* WORK TASK
Please print every record below exactly as it appears.

* Dataset entries

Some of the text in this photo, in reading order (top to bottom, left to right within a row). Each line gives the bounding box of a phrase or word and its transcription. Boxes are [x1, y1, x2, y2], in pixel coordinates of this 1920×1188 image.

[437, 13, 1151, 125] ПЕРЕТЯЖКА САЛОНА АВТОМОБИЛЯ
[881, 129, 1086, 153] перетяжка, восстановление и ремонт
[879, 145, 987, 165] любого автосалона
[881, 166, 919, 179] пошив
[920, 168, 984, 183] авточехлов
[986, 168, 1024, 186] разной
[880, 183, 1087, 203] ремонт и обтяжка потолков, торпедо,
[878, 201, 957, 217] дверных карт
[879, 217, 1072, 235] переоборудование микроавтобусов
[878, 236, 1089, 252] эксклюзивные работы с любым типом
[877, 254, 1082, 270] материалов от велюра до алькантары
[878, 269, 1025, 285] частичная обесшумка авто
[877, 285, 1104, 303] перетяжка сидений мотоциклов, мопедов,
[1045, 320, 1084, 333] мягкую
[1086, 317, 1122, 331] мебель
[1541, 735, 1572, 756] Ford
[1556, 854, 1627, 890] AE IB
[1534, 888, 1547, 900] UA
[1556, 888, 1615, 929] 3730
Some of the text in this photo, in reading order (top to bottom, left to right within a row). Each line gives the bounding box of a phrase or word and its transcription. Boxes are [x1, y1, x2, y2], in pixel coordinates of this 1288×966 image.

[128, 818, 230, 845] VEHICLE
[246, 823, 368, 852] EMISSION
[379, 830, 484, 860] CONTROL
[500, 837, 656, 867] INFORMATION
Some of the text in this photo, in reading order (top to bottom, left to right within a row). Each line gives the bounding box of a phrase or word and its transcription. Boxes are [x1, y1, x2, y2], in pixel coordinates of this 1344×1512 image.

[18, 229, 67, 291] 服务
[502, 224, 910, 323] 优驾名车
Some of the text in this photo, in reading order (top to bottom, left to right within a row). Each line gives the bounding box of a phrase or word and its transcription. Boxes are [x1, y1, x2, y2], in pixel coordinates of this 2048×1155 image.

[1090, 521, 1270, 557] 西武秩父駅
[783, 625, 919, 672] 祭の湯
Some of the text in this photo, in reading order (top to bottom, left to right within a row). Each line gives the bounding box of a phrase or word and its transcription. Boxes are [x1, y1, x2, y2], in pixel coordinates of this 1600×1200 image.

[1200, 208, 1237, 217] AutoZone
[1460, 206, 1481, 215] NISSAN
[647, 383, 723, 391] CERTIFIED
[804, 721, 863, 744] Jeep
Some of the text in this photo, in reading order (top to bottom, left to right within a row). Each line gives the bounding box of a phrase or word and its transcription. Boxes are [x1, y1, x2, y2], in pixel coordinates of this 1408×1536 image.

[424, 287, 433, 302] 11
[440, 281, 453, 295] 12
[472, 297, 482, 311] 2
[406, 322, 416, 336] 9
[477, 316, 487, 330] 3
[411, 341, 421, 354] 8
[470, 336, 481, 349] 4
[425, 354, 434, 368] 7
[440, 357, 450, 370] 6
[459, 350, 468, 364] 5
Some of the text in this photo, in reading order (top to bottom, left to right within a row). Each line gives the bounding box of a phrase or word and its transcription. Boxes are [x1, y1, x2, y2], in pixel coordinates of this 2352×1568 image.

* THE COMPLETED TASK
Some of the text in this photo, in reading order (top to bottom, left to right within a row). Each line gives the bounding box of a phrase or word and its transcription. Boxes are [x1, y1, x2, y2], in pixel coordinates of this 1920×1188 image.

[437, 13, 1151, 125] ПЕРЕТЯЖКА САЛОНА АВТОМОБИЛЯ
[881, 129, 1086, 153] перетяжка, восстановление и ремонт
[879, 145, 987, 165] любого автосалона
[881, 166, 919, 179] пошив
[920, 168, 984, 183] авточехлов
[986, 168, 1024, 186] разной
[880, 183, 1087, 203] ремонт и обтяжка потолков, торпедо,
[878, 201, 957, 217] дверных карт
[879, 217, 1072, 235] переоборудование микроавтобусов
[878, 236, 1089, 252] эксклюзивные работы с любым типом
[877, 254, 1082, 270] материалов от велюра до алькантары
[878, 269, 1025, 285] частичная обесшумка авто
[877, 285, 1104, 303] перетяжка сидений мотоциклов, мопедов,
[1045, 320, 1084, 333] мягкую
[1086, 317, 1122, 331] мебель
[1541, 735, 1572, 756] Ford
[1556, 854, 1627, 890] AE IB
[1534, 888, 1547, 900] UA
[1556, 888, 1615, 929] 3730
Some of the text in this photo, in reading order (top to bottom, left to right within a row). Each line gives the bounding box of a phrase or word and its transcription. Boxes are [x1, y1, x2, y2], in pixel coordinates of this 1288×966 image.

[128, 818, 230, 845] VEHICLE
[246, 823, 368, 852] EMISSION
[379, 830, 484, 860] CONTROL
[500, 837, 656, 867] INFORMATION
Some of the text in this photo, in reading order (top to bottom, left to right within a row). Each line gives the bounding box of a phrase or word and its transcription. Boxes are [x1, y1, x2, y2], in pixel coordinates of this 1344×1512 image.

[18, 229, 67, 291] 服务
[502, 224, 910, 323] 优驾名车
Some of the text in this photo, in reading order (top to bottom, left to right within a row). Each line gives the bounding box of a phrase or word and its transcription. Boxes are [x1, y1, x2, y2], in pixel coordinates of this 2048×1155 image.

[1090, 521, 1270, 557] 西武秩父駅
[783, 625, 919, 672] 祭の湯
Some of the text in this photo, in reading order (top to bottom, left to right within a row). Each line gives the bounding box of a phrase or word and its transcription. Boxes are [x1, y1, x2, y2], in pixel coordinates of this 1600×1200 image.

[1200, 208, 1237, 217] AutoZone
[1460, 206, 1481, 215] NISSAN
[647, 383, 723, 391] CERTIFIED
[804, 721, 863, 744] Jeep
Some of the text in this photo, in reading order (top to bottom, left to right within a row). Each line gives the bounding box of a phrase or word and its transcription. Boxes are [x1, y1, x2, y2], in pixel coordinates of this 1408×1536 image.

[424, 287, 433, 302] 11
[440, 281, 453, 295] 12
[472, 297, 482, 311] 2
[406, 322, 416, 336] 9
[477, 316, 487, 330] 3
[411, 341, 421, 354] 8
[470, 336, 481, 349] 4
[425, 354, 434, 368] 7
[440, 357, 450, 370] 6
[459, 350, 468, 364] 5
Some of the text in this photo, in reading order (top to bottom, left to right within a row). Each line gives the bounding box of a phrase or word and its transcription. Boxes are [x1, y1, x2, y2], in pixel coordinates of this 2352×1568 image.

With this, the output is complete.